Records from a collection
((

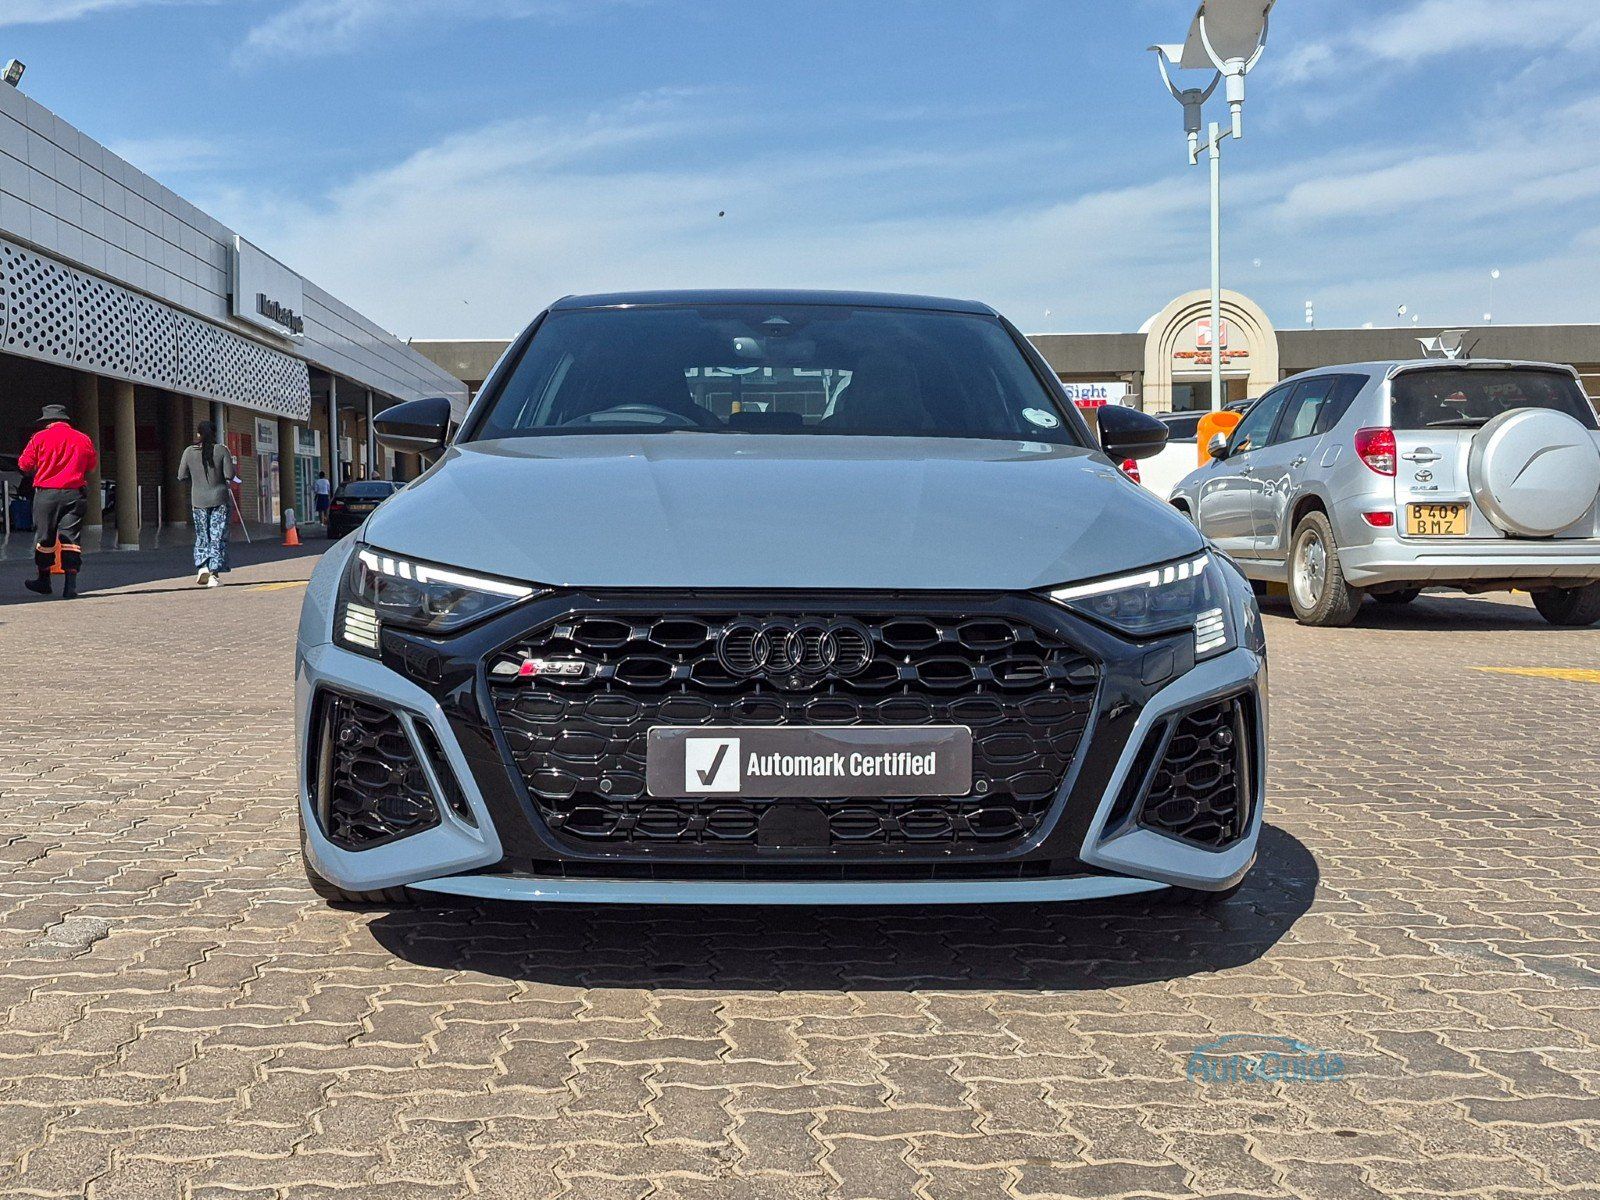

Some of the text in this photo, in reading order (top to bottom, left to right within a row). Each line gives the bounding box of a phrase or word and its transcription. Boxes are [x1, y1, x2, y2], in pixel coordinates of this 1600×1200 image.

[1066, 384, 1107, 400] Sight
[1413, 505, 1459, 519] B 409
[1417, 521, 1453, 534] BMZ
[747, 751, 936, 776] Automark Certified

))

> _Work instruction_: The entries are to be restated word for word, with pictures omitted.

> _Answer to the exercise_:
Some of the text in this photo, in reading order (top to bottom, left to right within a row). Each line gives the bounding box of a phrase or word and its transcription. Boxes are [x1, y1, x2, y2], in pixel coordinates of this 1600×1200 image.

[1066, 384, 1107, 400] Sight
[1413, 505, 1459, 519] B 409
[1417, 521, 1453, 534] BMZ
[747, 751, 936, 776] Automark Certified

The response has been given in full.